*What to work on*:
Every record below is to be restated word for word.
= = = =
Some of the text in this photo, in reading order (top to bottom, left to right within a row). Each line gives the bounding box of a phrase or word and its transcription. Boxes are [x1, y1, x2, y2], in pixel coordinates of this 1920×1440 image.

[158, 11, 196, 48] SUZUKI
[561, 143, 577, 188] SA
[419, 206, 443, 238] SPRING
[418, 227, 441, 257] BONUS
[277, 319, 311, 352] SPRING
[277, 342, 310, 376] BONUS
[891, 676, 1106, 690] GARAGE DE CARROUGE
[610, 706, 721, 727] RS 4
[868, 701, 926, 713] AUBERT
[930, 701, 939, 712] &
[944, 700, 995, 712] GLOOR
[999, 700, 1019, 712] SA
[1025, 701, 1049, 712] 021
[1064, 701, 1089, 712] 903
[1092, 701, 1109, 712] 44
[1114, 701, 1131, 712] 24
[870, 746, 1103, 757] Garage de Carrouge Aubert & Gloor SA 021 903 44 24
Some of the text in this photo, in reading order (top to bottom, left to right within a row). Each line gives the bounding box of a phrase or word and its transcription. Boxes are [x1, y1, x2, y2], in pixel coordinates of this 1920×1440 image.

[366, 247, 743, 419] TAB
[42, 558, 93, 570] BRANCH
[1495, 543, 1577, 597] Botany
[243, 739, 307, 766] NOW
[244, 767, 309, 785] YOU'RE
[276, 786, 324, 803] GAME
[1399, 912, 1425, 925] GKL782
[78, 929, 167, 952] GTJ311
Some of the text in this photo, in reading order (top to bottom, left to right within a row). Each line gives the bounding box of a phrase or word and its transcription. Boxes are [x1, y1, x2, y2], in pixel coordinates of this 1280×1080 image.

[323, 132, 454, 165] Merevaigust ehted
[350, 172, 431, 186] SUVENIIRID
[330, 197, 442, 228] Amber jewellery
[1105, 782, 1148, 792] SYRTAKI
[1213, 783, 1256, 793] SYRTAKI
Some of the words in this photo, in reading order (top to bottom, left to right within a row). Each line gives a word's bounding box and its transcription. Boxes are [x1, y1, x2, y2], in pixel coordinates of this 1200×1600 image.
= = = =
*Task answer*:
Some of the text in this photo, in reading order (top to bottom, left to right within a row). Each line gives the bounding box of a phrase or word and its transcription. Boxes are [x1, y1, x2, y2], in pixel coordinates of this 1920×1440 image.

[158, 11, 196, 48] SUZUKI
[561, 143, 577, 188] SA
[419, 206, 443, 238] SPRING
[418, 227, 441, 257] BONUS
[277, 319, 311, 352] SPRING
[277, 342, 310, 376] BONUS
[891, 676, 1106, 690] GARAGE DE CARROUGE
[610, 706, 721, 727] RS 4
[868, 701, 926, 713] AUBERT
[930, 701, 939, 712] &
[944, 700, 995, 712] GLOOR
[999, 700, 1019, 712] SA
[1025, 701, 1049, 712] 021
[1064, 701, 1089, 712] 903
[1092, 701, 1109, 712] 44
[1114, 701, 1131, 712] 24
[870, 746, 1103, 757] Garage de Carrouge Aubert & Gloor SA 021 903 44 24
Some of the text in this photo, in reading order (top to bottom, left to right within a row). Each line gives the bounding box of a phrase or word and its transcription. Boxes are [x1, y1, x2, y2], in pixel coordinates of this 1920×1440 image.

[366, 247, 743, 419] TAB
[42, 558, 93, 570] BRANCH
[1495, 543, 1577, 597] Botany
[243, 739, 307, 766] NOW
[244, 767, 309, 785] YOU'RE
[276, 786, 324, 803] GAME
[1399, 912, 1425, 925] GKL782
[78, 929, 167, 952] GTJ311
Some of the text in this photo, in reading order (top to bottom, left to right within a row). Each line gives the bounding box of a phrase or word and its transcription. Boxes are [x1, y1, x2, y2], in pixel coordinates of this 1280×1080 image.

[323, 132, 454, 165] Merevaigust ehted
[350, 172, 431, 186] SUVENIIRID
[330, 197, 442, 228] Amber jewellery
[1105, 782, 1148, 792] SYRTAKI
[1213, 783, 1256, 793] SYRTAKI
Some of the words in this photo, in reading order (top to bottom, left to right within a row). Each line gives a word's bounding box and its transcription. Boxes are [x1, y1, x2, y2], in pixel coordinates of this 1200×1600 image.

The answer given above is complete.